Spatial localization data

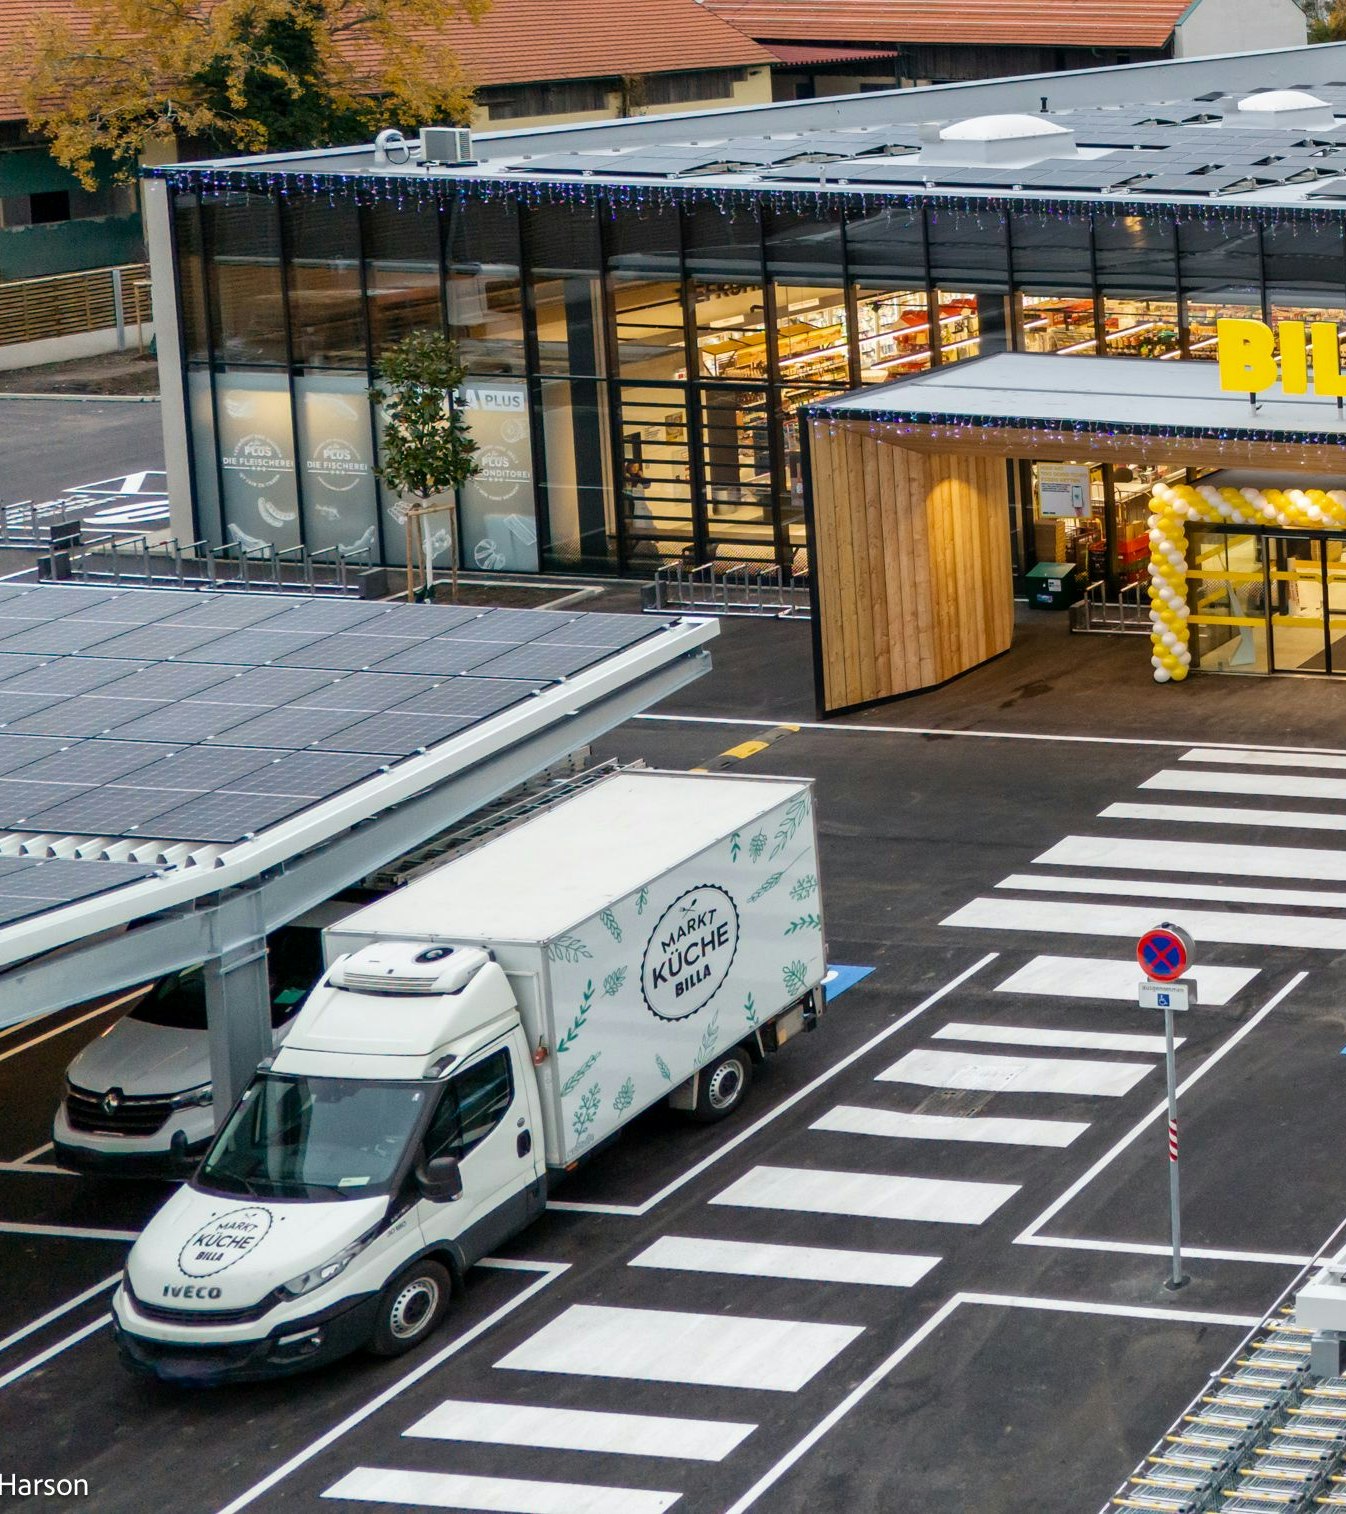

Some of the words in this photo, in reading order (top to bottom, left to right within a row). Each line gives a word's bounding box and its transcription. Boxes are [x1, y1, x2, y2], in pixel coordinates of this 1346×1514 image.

[485, 394, 521, 408] PLUS
[244, 446, 272, 457] PLUS
[323, 449, 351, 460] PLUS
[223, 457, 237, 465] DIE
[239, 458, 294, 467] FLEISCHEREI
[307, 460, 321, 468] DIE
[323, 461, 367, 471] FISCHEREI
[481, 458, 509, 467] PLUS
[481, 469, 531, 479] ONDITOREI
[661, 909, 717, 954] MARKT
[652, 922, 729, 989] KÜCHE
[675, 964, 711, 998] BILLA
[216, 1222, 258, 1232] MARKT
[193, 1232, 255, 1249] KÜCHE
[195, 1251, 224, 1261] BILLA
[162, 1284, 222, 1299] IVECO
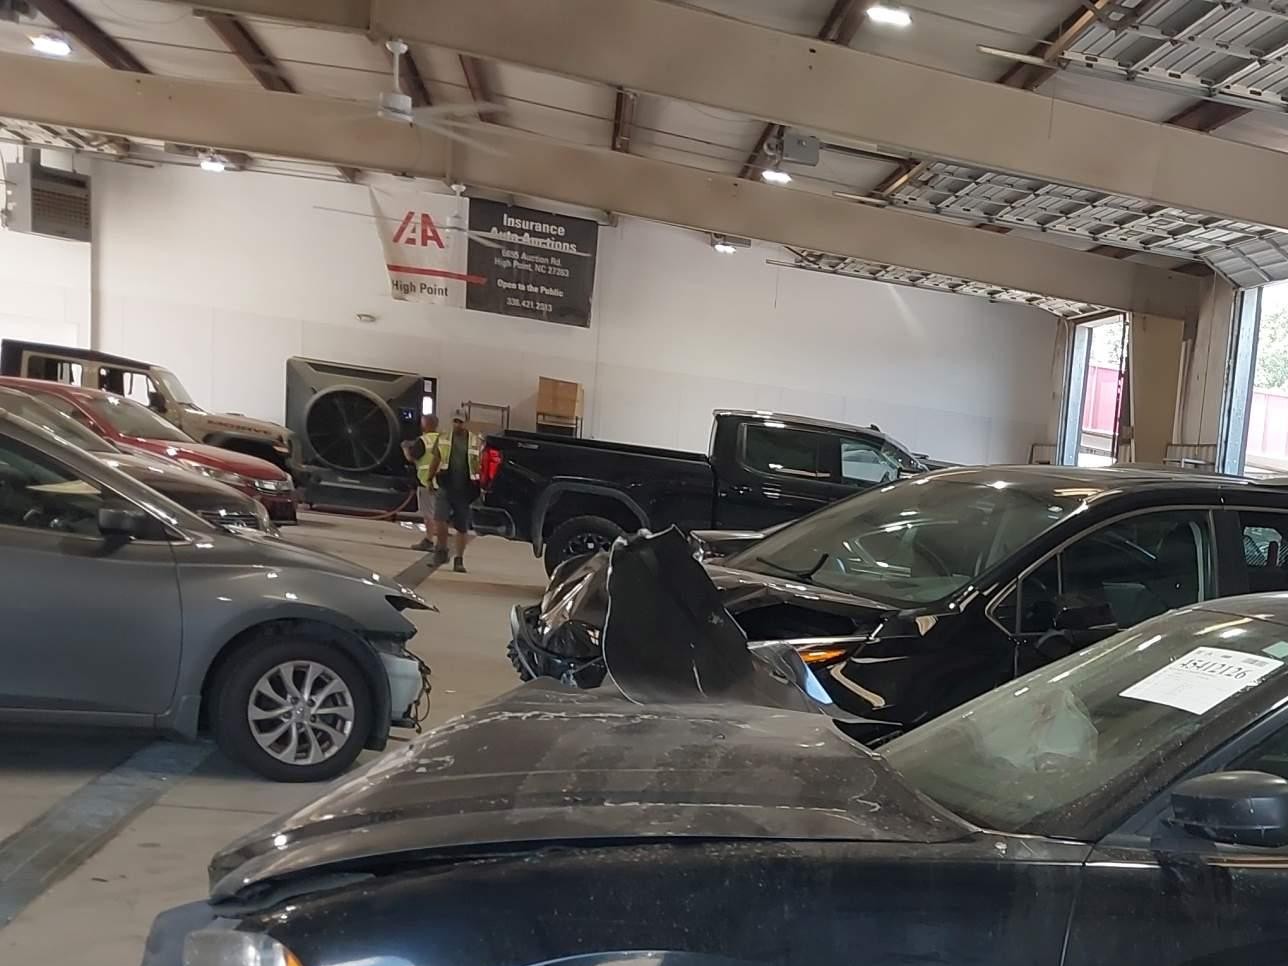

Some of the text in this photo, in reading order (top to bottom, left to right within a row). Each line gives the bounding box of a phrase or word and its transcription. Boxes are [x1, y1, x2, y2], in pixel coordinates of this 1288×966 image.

[503, 213, 565, 236] Insurance
[491, 227, 577, 252] Auto Auctions
[521, 252, 549, 264] Auction
[535, 264, 547, 274] NC
[392, 280, 448, 297] High Point
[497, 279, 564, 297] Open to the Public
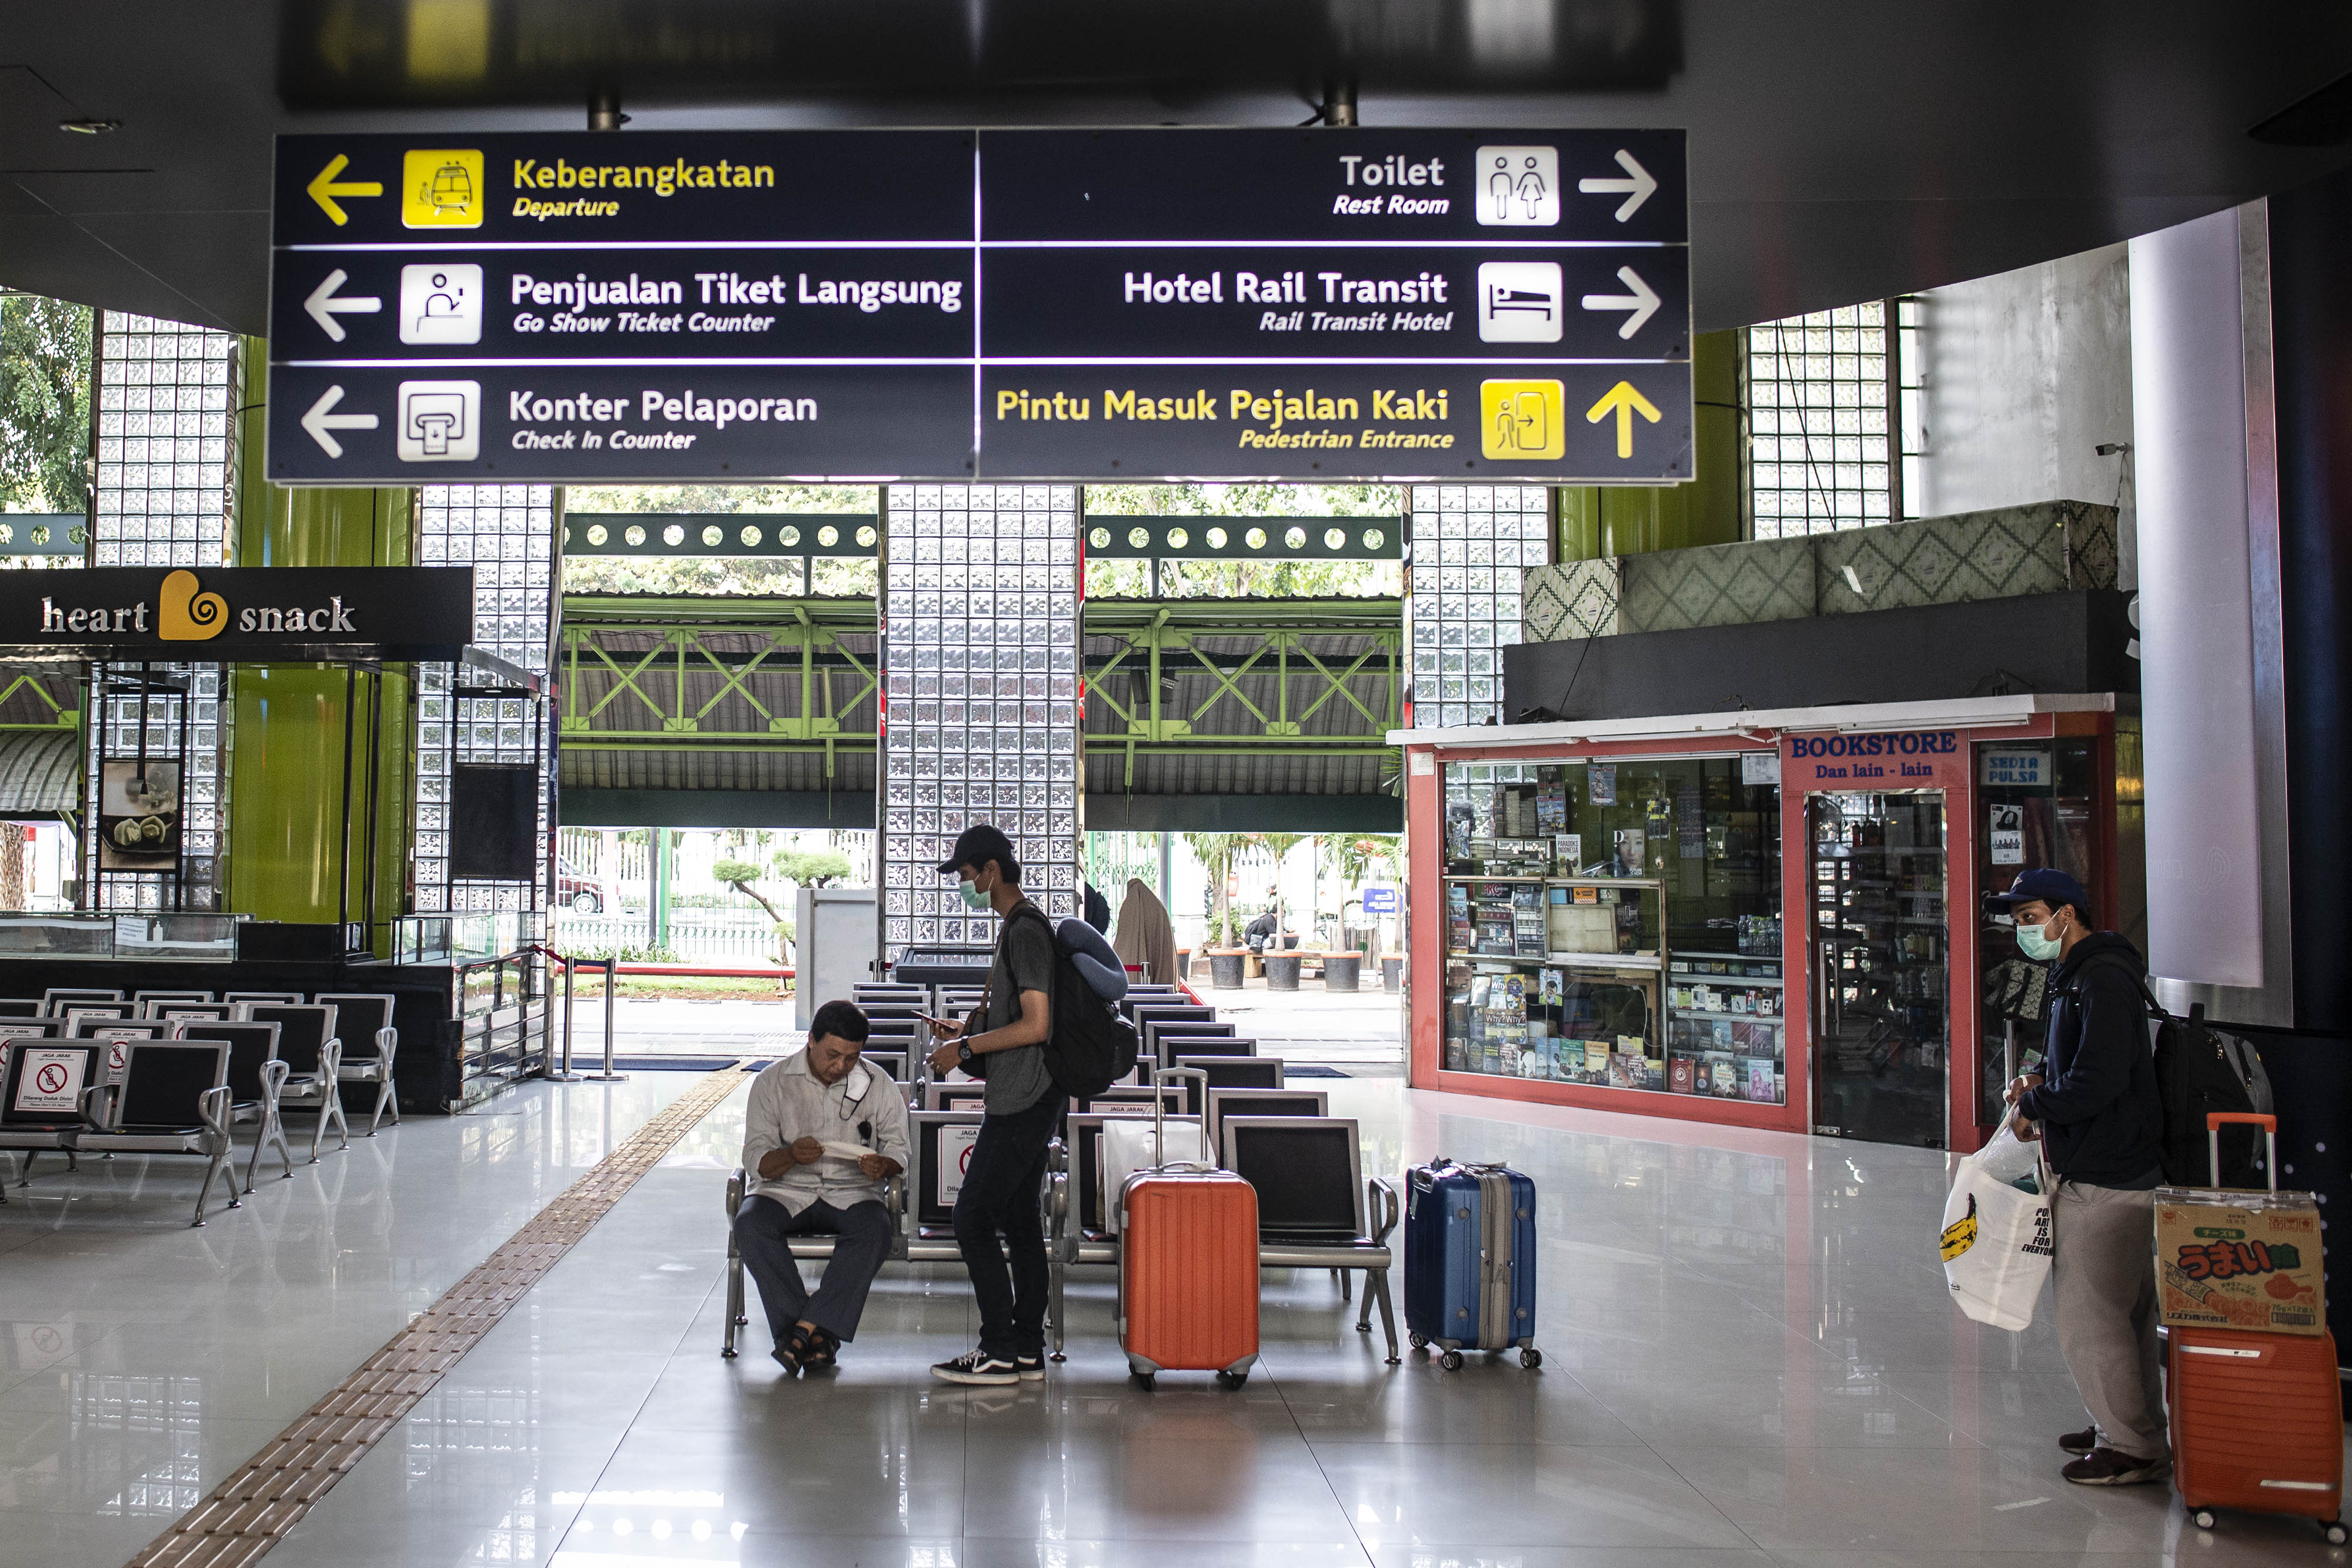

Try it - Although the records hold pictures, return only what remains, word for word.

Exercise solution -
Some of the words in this photo, in reading order (top to bottom, left to right within a row). Each line gives a word's bounding box and its transcription. Boxes are [x1, y1, x2, y2], in pixel coordinates of this 1346×1514 image.

[485, 394, 521, 408] PLUS
[244, 446, 272, 457] PLUS
[323, 449, 351, 460] PLUS
[223, 457, 237, 465] DIE
[239, 458, 294, 467] FLEISCHEREI
[307, 460, 321, 468] DIE
[323, 461, 367, 471] FISCHEREI
[481, 458, 509, 467] PLUS
[481, 469, 531, 479] ONDITOREI
[661, 909, 717, 954] MARKT
[652, 922, 729, 989] KÜCHE
[675, 964, 711, 998] BILLA
[216, 1222, 258, 1232] MARKT
[193, 1232, 255, 1249] KÜCHE
[195, 1251, 224, 1261] BILLA
[162, 1284, 222, 1299] IVECO

Some of the text in this photo, in reading order (top to bottom, left to right within a row). Each line gives the bounding box of a phrase or word and its transcription. Boxes are [x1, y1, x2, y2], in pixel coordinates of this 1288×966 image.

[503, 213, 565, 236] Insurance
[491, 227, 577, 252] Auto Auctions
[521, 252, 549, 264] Auction
[535, 264, 547, 274] NC
[392, 280, 448, 297] High Point
[497, 279, 564, 297] Open to the Public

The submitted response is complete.